# UK's biggest ISP ordered to block pirate website



## qubit (Jul 28, 2011)

*This thread continues over at GN: http://www.generalnonsense.net/showthread.php?p=141656#post141656*



> The Motion Picture Association (MPA) has succeeded in forcing British ISP BT to block access to the Newzbin 2 pirate website.
> 
> Newzbin 2 has about 700,000 users and has been making over £1 million a year, says the MPA, by providing links to pirated movies, TV shows, music and software through its members-only site.
> 
> ...



Damn.  As if so-called 'piracy' is stealing. It isn't and never will be.

TG Daily

See www.techdirt.com for a website that outs all this corruption, on a daily basis.

*This thread continues over at GN: http://www.generalnonsense.net/showthread.php?p=141656#post141656*


----------



## Solaris17 (Jul 28, 2011)

> Indeed, the floodgates could open, which worries organizations such as the Open Rights Group.



oh and im sure they will. they are right it wont stop them. instead your just squirting wasps with water.


----------



## human_error (Jul 28, 2011)

This is a dangerous precedent, which is why I have already written to my local MP about it. 

They're giving up on suing anyone using p2p applications which they can try to claim were sharing content illegally, the're unable to sue websites in some countries and their money making schemes based off secretly uploading copyright material to video sharing sites and they suing the sites for hosting it is getting harder (now sites know to look for such activities). Now they're buying (through expensive legal cases) the courts' power to block any websites they don't like. It's the start of commercial based internet censorship and is dangerous (just like super-injunctions).


----------



## Lebowski (Jul 28, 2011)

If BT are going to block access to Newzbin2 that isn't even hosting "illegal" content then it is reasonable to assume that the MPA will pursue other ISPs (those that don't use BT's Cleanfeed system) to block access to Newzbin2 and any other site that they consider infringing. Bad times. 

These measures are easily circumventable so what do the MPA hope to achieve?

I am genuinely worried this will open the door to a whole host of companies/organisations fighting to get all sorts of websites "filtered".


----------



## Solaris17 (Jul 28, 2011)

Lebowski said:


> If BT are going to block access to Newzbin2 that isn't even hosting "illegal" content then it is reasonable to assume that the MPA will pursue other ISPs (those that don't use BT's Cleanfeed system) to block access to Newzbin2 and any other site that they consider infringing. Bad times.
> 
> These measures are easily circumventable so what do the MPA hope to achieve?
> 
> I am genuinely worried this will open the door to a whole host of companies/organisations fighting to get all sorts of websites "filtered".

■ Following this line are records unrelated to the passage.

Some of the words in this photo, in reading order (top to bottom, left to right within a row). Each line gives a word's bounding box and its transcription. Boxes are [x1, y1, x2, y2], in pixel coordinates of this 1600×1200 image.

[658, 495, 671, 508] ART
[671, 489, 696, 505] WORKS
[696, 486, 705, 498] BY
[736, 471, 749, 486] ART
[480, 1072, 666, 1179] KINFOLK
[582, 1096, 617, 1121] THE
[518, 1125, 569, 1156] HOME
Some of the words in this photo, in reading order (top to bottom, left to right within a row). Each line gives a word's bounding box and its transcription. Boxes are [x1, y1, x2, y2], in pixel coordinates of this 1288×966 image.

i imagine anyone with a buck could do it eventually especially the heavy hitters.


----------



## Mussels (Jul 28, 2011)

Please keep this civil, and in line with the forums rules. Stay on the topic at hand. Threads related to piracy have a tendency to spiral out of control, and we're watching this one.


----------



## Solaris17 (Jul 28, 2011)

Mussels said:


> Please keep this civil, and in line with the forums rules. Stay on the topic at hand. Threads related to piracy have a tendency to spiral out of control, and we're watching this one.



i dont see anything skirting the rules?


----------



## FordGT90Concept (Jul 28, 2011)

Mussels said:


> Please keep this civil, and in line with the forums rules. Stay on the topic at hand. Threads related to piracy have a tendency to spiral out of control, and we're watching this one.

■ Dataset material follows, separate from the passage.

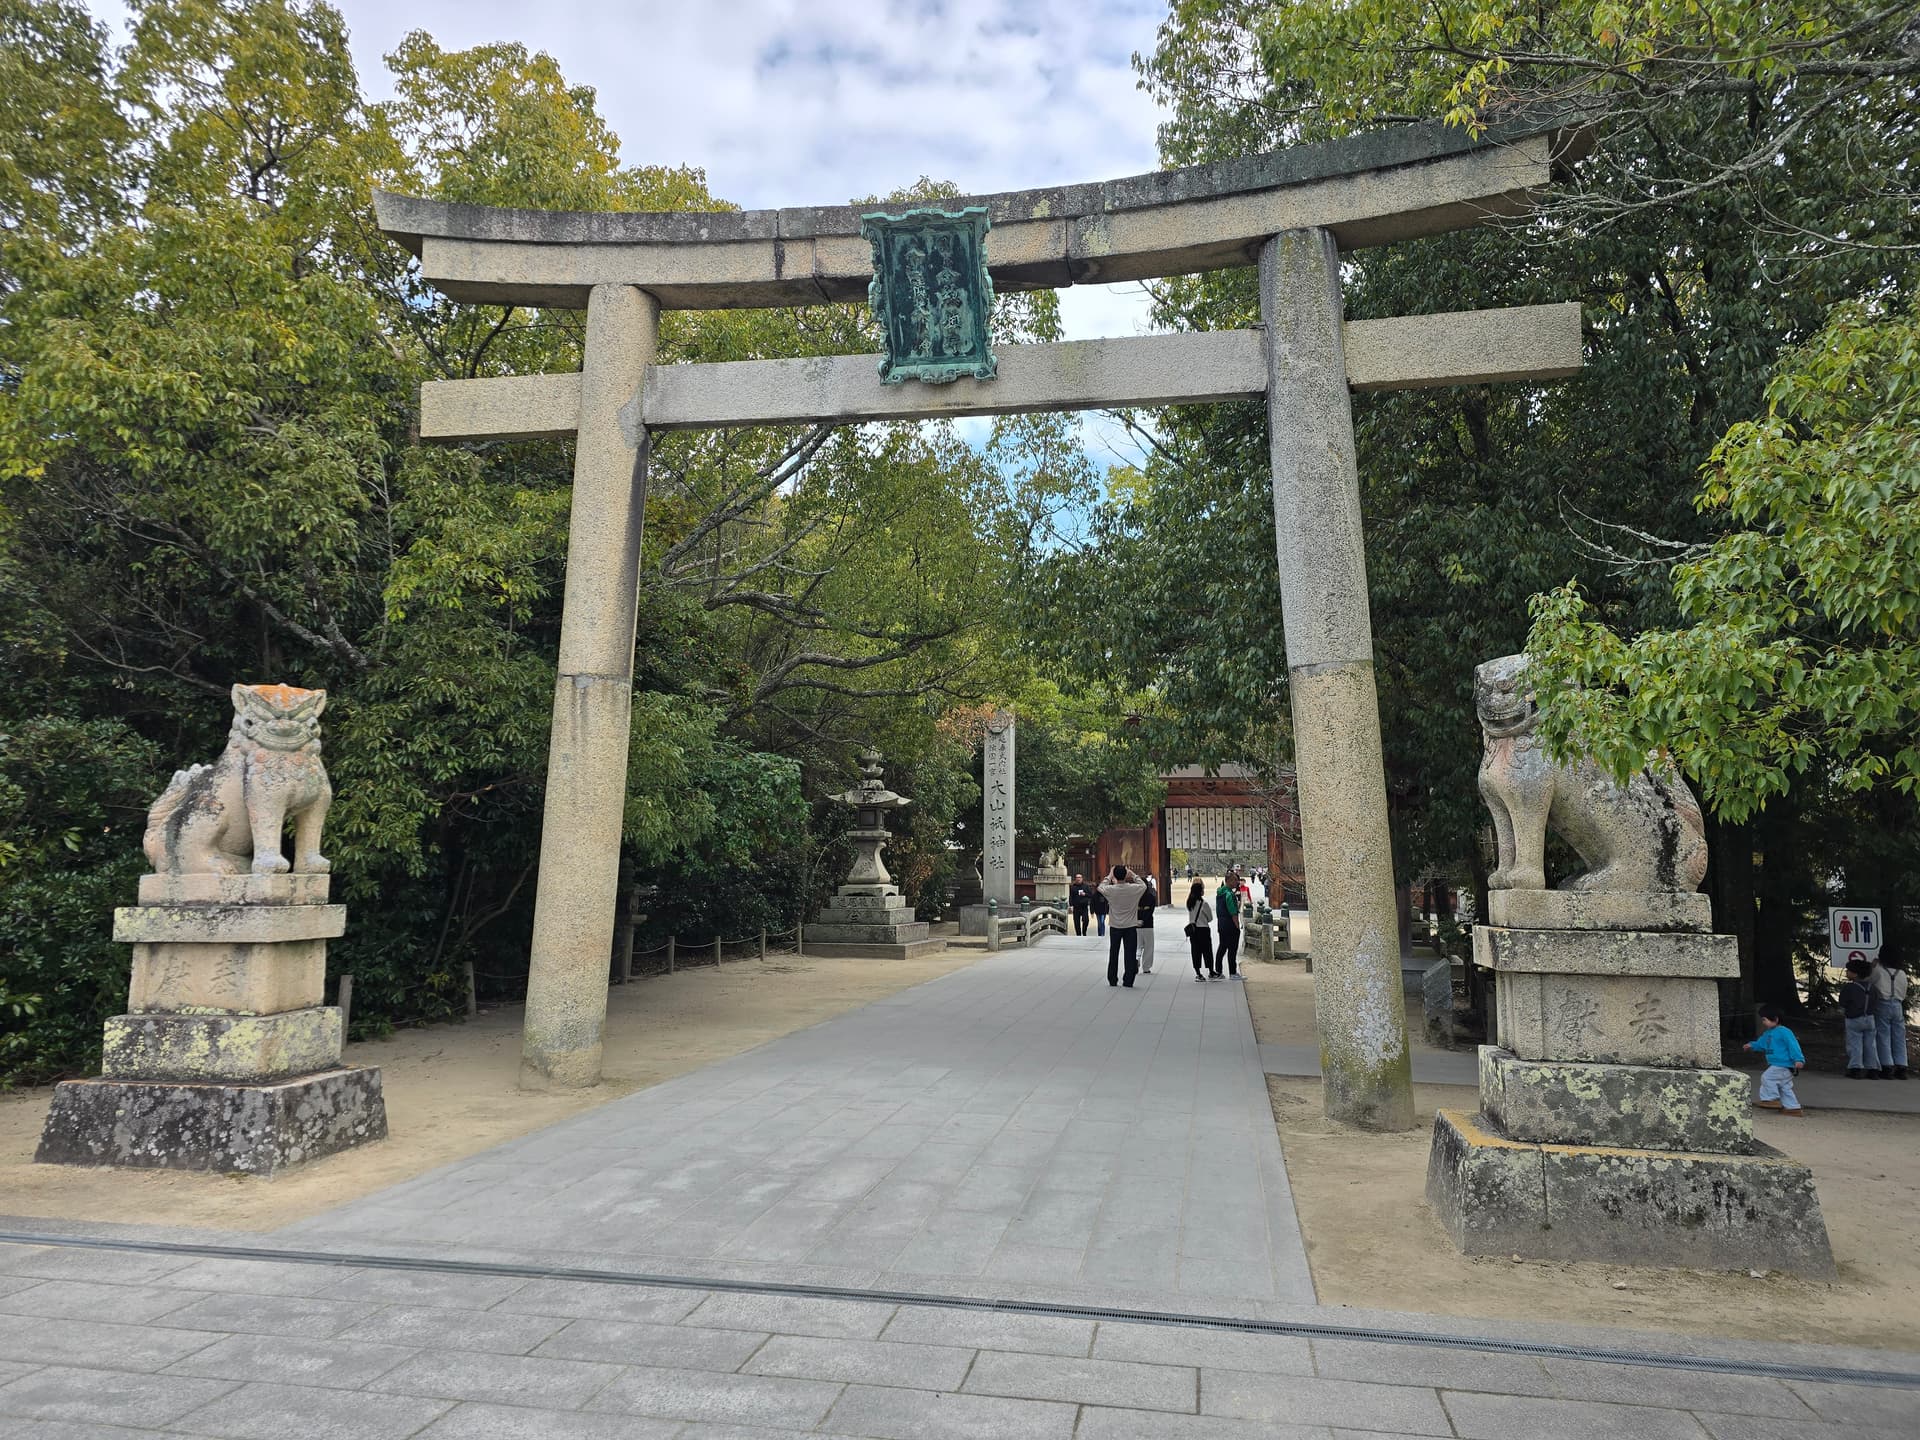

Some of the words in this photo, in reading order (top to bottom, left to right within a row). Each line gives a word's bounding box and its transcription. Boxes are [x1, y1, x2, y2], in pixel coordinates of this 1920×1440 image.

[989, 779, 1007, 871] 大山祇神社

Sorry, I couldn't resist. XD


----------



## Mussels (Jul 28, 2011)

Solaris17 said:


> i dont see anything skirting the rules?

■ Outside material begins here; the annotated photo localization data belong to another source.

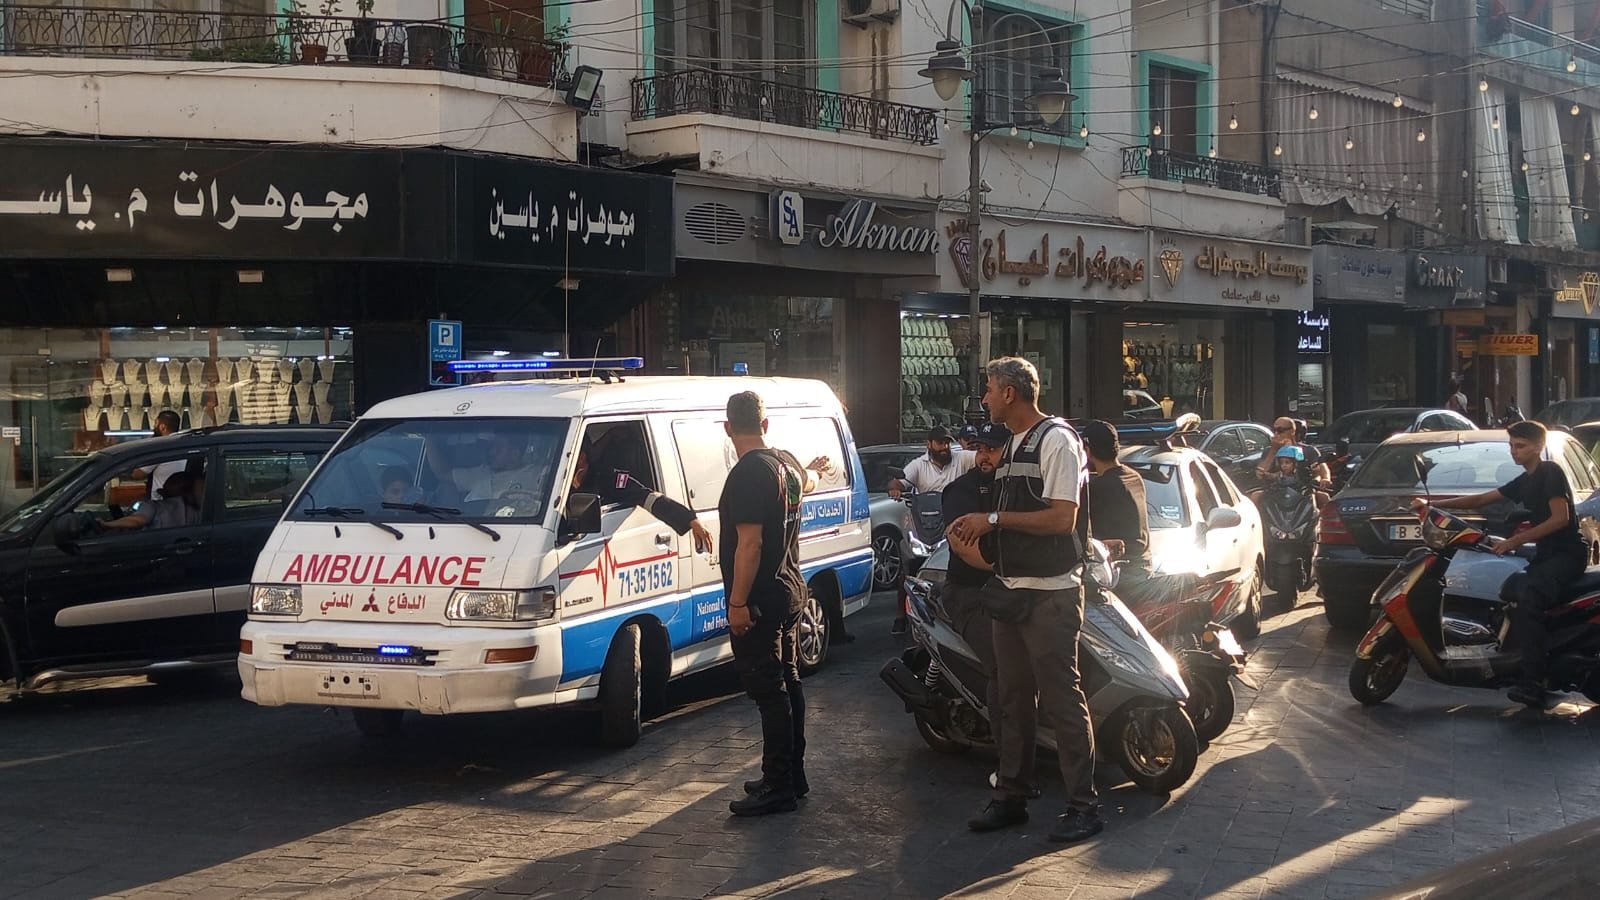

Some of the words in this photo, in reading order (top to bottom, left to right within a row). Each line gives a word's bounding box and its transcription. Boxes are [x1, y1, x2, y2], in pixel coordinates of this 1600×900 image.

[0, 172, 96, 232] ياس
[173, 170, 369, 232] مجوهرات
[489, 187, 539, 243] ياسين
[566, 189, 635, 249] مجوهرات
[820, 198, 938, 253] Aknan
[441, 327, 450, 343] P
[1399, 526, 1407, 538] B
[282, 554, 487, 587] AMBULANCE
[320, 593, 354, 616] المدني
[387, 594, 427, 614] الدفاع
[696, 597, 720, 617] National
[702, 616, 715, 633] And
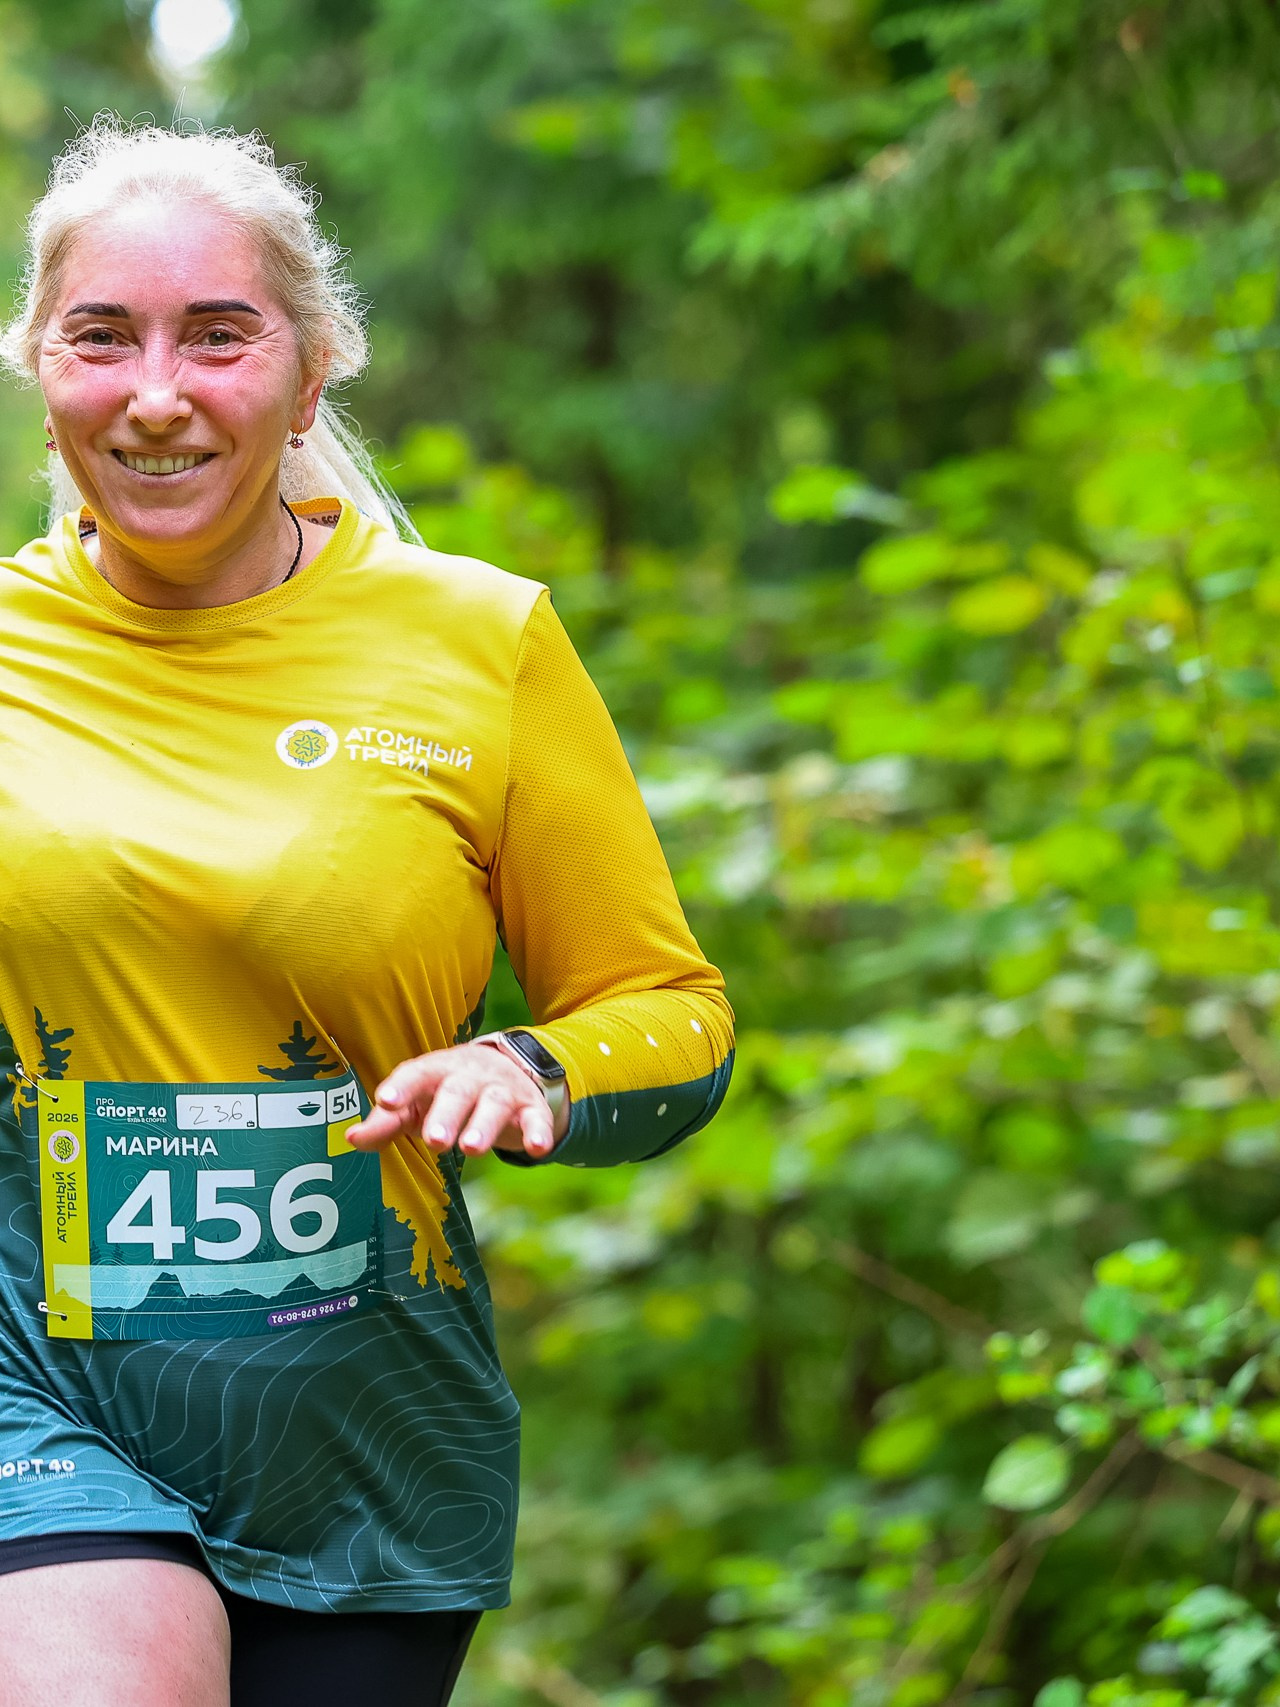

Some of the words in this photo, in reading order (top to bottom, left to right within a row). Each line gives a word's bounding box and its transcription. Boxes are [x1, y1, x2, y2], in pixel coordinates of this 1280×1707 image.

nothing is yet - it was a warning for those who are thinking of derailing it, as they inevitably will try.



FordGT90Concept said:


> http://farm5.static.flickr.com/4060/4329695878_c2030f4bfb.jpg
> Sorry, I couldn't resist. XD



perfect fit. also. STEEEEEEEEEEEEVE. (i love that monkey)


----------



## Bo$$ (Jul 28, 2011)

i didn't even know about Newzbin 2, lucky im with sky so they might be a little weary stepping into people's privacy for now (NoTW II), but this is pretty serious and i suspect this will get very very bad


----------



## TheMailMan78 (Jul 28, 2011)

Mussels said:


> nothing is yet - it was a warning for those who are thinking of derailing it, as they inevitably will try.
> 
> 
> 
> perfect fit. also. STEEEEEEEEEEEEVE. (i love that monkey)



Am I the monkey? 

Anyway the whole pirate thing has been beat to death. If the ISP closes it down then so be it. Doesn't effect me nor anyone else who abides by the law.


----------



## qubit (Jul 28, 2011)

TheMailMan78 said:


> Am I the monkey?
> 
> Anyway the whole pirate thing has been beat to death. If the ISP closes it down then so be it. Doesn't effect me nor anyone else who abides by the law.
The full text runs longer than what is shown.